For the present study, fewer patients were enrolled than expected, and it took almost 2 years to recruit the requisite number. Nevertheless, we believe that our findings add to the literature suggesting potential benefits of clinically feasible and less toxic neoadjuvant chemotherapy for TNBC. A translational study is ongoing to investigate predictors of response.

Conclusions

In patients aged < 65 years with high HRD score or gBRCAm, weekly paclitaxel plus carboplatin and eribulin plus carboplatin followed by anthracycline resulted in a pCR rate of > 60% and > 40%, respectively, suggesting the potential usefulness of patient stratification using HRD score. In patients with HRD-negative tumors, pCR tended to be low. Neurotoxicity was less frequent with the eribulin-based regimen, which may be feasible as neoadjuvant chemotherapy for TNBC patients for whom AEs are likely to have a greater negative impact.

Supplementary Information

Below is the link to the electronic supplementary material.

Funding

This study was a physician-led clinical trial funded by the Japan Breast Cancer Research Group and Eisai Co., Ltd.

Declarations

Conflict of interest

Dr. Masuda: remuneration and research funding to institution from AstraZeneca, Chugai, Eli Lilly, and Pfizer; remuneration from Eisai and Takeda; research funding to institution from Daiichi Sankyo, Kyowa Kirin, MSD, Nippon Kayaku and Novartis. Dr. Bando: remuneration from AstraZeneca, Chugai, Eisai, Kyowa Kirin, Nippon Kayaku, Novartis, Pfizer, and Taiho. Dr. Yamanaka: remuneration from Chugai, Daiichi Sankyo, Eisai, Eli Lilly, Kyowa Kirin, Novartis, and Pfizer. Dr. Kadoya: none. Dr. Takahashi: remuneration from AstraZeneca, Eisai, Eli Lilly, and Pfizer. Dr. Nagai: remuneration from Chugai, Eisai, Eli Lilly, Novartis, Pfizer, and Taiho. Dr. Ohtani: remuneration from AstraZeneca, Chugai, Eisai, Eli Lilly, and Pfizer. Dr. Aruga: remuneration from Eisai, Eisai, and Pfizer. Dr. Suzuki: none. Dr. Kikawa: remuneration from Chugai, Eisai, Eli Lilly, Novartis, Pfizer, and Taiho. Dr. Yasojima: none. Dr. Kasai: funding from Eisai during the conduct of the study; remuneration from Chugai. Dr. Ishiguro: none. Dr. Kawabata: funding from Chugai, Daiichi Sankyo, MSD, and Novartis during the conduct of the study. Dr. Morita: remuneration from AstraZeneca, Bristol-Myers Squibb, Chugai, Eisai, Eli Lilly, MSD, Pfizer, and Taiho. Dr. Haga: none. Dr. Kataoka: none. Dr. Uozumi: consultant/advisory role at CAC Croit, Eisai, and Sawai.

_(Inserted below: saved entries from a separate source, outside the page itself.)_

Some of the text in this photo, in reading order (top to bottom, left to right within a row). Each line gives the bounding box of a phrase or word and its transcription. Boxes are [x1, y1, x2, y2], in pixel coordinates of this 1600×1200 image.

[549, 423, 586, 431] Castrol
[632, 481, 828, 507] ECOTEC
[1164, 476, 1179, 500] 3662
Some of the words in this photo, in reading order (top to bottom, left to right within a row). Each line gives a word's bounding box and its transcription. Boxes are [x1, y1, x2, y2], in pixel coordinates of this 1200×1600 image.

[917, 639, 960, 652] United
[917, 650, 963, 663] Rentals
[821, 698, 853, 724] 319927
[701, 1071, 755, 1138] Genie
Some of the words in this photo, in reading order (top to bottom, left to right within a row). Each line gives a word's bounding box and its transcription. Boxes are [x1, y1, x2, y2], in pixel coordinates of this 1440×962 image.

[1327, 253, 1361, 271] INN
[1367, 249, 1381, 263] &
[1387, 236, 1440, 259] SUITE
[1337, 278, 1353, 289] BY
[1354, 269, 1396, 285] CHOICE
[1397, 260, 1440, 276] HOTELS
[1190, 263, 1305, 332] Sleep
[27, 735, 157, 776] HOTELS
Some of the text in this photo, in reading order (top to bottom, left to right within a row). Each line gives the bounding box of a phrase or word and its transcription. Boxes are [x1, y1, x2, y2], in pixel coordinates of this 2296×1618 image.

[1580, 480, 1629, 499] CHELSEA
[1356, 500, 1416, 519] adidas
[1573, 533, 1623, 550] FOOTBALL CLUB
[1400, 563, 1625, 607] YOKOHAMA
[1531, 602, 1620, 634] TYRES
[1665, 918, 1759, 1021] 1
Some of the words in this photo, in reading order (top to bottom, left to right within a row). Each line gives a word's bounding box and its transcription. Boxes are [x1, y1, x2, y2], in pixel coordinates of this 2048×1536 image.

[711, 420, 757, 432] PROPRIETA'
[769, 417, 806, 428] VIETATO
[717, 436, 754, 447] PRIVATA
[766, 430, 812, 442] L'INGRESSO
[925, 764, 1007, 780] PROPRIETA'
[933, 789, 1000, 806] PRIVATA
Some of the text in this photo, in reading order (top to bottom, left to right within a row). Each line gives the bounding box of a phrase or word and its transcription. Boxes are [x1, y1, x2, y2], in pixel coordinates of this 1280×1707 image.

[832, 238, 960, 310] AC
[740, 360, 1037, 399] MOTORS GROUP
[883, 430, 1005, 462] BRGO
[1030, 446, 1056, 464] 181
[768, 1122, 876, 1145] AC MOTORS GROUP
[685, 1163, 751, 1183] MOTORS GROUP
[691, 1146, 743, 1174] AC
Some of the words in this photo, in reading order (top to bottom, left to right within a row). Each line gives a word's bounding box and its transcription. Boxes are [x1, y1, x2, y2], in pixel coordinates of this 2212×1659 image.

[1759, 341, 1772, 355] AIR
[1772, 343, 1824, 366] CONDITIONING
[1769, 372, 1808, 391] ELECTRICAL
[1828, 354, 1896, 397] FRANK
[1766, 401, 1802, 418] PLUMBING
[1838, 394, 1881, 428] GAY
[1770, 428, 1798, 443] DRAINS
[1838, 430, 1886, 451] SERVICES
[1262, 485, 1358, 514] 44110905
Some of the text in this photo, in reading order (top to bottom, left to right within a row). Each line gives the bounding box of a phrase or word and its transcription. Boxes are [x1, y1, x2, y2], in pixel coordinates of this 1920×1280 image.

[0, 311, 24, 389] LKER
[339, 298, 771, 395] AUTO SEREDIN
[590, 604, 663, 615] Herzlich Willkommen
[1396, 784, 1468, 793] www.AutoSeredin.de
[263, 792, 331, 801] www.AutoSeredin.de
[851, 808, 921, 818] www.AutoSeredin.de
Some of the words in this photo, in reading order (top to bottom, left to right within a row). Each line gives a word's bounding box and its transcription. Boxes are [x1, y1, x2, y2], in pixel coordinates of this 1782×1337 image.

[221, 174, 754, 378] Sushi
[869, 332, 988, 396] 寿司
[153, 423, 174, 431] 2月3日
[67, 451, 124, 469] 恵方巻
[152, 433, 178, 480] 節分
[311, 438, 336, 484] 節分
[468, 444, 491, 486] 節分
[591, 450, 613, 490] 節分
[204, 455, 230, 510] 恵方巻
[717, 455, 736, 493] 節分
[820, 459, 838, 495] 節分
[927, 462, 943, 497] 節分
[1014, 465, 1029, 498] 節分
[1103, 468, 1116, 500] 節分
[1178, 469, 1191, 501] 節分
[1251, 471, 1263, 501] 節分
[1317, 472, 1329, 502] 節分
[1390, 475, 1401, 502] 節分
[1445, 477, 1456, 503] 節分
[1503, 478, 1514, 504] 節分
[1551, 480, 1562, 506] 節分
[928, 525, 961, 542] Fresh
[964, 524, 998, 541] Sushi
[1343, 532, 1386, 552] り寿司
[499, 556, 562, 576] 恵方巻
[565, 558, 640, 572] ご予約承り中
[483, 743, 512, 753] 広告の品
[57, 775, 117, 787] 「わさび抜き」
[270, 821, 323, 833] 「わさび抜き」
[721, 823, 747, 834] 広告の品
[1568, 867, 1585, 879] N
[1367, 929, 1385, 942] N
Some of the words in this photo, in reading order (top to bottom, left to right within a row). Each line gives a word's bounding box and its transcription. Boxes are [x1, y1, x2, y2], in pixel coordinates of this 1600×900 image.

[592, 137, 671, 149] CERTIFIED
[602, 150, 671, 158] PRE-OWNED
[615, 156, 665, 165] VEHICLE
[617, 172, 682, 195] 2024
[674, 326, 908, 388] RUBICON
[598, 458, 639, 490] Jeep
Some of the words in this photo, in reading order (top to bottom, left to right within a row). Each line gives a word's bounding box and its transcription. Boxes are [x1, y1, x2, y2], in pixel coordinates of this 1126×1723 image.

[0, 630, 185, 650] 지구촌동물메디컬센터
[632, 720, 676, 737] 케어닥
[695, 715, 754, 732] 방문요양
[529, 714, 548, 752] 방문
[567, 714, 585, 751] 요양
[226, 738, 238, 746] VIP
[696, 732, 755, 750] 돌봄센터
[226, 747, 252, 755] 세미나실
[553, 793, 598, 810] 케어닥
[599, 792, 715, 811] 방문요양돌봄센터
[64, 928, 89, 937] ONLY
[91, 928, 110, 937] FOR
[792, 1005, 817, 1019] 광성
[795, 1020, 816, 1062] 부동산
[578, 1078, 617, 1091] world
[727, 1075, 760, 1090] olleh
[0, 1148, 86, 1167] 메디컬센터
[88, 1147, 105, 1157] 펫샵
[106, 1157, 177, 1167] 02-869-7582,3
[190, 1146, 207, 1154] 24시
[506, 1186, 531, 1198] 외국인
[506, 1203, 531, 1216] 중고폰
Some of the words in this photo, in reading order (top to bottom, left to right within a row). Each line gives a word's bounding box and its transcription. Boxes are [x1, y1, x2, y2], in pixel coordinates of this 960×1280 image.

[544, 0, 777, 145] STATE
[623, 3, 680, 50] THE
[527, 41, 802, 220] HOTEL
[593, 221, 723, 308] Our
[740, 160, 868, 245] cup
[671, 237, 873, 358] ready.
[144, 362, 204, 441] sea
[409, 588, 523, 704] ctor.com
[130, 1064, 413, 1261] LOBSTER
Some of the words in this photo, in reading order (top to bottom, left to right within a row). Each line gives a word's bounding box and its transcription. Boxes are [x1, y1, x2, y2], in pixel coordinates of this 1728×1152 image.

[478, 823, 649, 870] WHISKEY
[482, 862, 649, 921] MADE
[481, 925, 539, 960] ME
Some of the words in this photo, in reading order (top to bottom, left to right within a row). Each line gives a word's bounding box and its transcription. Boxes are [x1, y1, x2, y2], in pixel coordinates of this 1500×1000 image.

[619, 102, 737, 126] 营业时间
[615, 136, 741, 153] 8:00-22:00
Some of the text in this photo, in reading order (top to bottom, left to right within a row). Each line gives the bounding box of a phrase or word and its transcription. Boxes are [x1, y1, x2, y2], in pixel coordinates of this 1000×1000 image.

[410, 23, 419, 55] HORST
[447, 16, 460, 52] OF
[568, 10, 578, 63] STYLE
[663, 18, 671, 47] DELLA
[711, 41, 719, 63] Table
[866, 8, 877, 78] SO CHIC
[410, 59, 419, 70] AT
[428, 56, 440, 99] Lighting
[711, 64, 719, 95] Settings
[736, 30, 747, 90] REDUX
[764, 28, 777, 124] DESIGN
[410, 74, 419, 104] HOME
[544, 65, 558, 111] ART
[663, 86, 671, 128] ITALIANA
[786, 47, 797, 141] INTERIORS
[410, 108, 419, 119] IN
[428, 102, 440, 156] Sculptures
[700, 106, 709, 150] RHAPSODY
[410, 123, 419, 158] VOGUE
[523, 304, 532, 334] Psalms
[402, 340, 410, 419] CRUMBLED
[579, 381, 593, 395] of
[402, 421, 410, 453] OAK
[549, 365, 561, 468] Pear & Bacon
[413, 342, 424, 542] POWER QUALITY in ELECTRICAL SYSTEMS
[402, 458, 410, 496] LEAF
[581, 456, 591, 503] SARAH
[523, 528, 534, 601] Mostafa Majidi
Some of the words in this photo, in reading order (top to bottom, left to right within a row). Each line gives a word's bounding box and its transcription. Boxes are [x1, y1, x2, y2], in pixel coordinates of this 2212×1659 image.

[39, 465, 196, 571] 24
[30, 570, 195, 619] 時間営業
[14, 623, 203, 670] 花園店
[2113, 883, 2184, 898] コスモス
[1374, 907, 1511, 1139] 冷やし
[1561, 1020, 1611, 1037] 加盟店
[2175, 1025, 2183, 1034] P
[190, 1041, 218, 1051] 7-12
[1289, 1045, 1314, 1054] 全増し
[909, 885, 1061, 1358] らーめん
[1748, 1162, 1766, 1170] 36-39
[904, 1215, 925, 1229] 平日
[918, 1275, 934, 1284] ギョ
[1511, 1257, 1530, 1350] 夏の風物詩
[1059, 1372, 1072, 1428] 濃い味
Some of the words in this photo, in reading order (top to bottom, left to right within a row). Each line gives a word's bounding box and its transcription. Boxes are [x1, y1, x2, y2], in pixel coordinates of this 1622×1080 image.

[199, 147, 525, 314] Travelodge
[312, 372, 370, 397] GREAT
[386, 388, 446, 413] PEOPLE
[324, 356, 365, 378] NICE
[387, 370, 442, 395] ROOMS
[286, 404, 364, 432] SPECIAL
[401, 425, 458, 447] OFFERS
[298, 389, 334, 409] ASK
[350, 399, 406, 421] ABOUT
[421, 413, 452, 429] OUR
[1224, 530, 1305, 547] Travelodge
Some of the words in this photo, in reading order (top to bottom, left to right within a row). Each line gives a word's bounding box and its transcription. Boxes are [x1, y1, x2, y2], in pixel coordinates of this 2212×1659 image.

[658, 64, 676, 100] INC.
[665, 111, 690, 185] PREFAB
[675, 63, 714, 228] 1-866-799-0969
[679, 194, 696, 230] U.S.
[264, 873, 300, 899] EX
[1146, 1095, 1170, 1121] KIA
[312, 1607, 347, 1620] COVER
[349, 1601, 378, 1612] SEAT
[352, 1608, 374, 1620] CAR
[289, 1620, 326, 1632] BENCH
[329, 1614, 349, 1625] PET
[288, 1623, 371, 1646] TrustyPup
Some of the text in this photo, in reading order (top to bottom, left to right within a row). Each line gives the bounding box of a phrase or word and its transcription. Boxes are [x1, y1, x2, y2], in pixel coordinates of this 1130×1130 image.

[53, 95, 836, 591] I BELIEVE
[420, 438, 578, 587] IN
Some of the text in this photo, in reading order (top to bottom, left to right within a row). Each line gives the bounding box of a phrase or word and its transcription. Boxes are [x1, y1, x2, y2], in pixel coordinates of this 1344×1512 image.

Dr. Ohno: funding from Eisai and Taiho; remuneration from AstraZeneca, Chugai, Eisai, Eli Lilly, and Pfizer. Dr. Toi: remuneration and funding from AstraZeneca, Chugai, Daiichi Sankyo, Eisai, Kyowa Kirin, Nippon Kayaku, Pfizer, Shimadzu, Taiho, Takeda, and Yakult; remuneration from Eli Lilly, Exact Sciences, Konica Minolta, MSD, and Novartis; funding from AFI technology, GL Sciences, JBCRG Association, Luxonus, and Shionogi; consultant/advisory role for Athenex Oncology, Bertis, Bristol-Myers Squibb, Daiichi Sankyo, Eli Lilly, Kansai Medical Net, Kyowa Kirin, Luxonus, and Terumo.

Ethical approval

The study complied with the Declaration of Helsinki and the Ethical Guidelines for Clinical Research of the Ministry of Health, Labour and Welfare of Japan. The study protocol was reviewed and approved by the institutional review board of each participating institution. All patients provided written informed consent at primary registration. Some of the study results were presented as a Mini Oral session at the ESMO Virtual Congress 2020.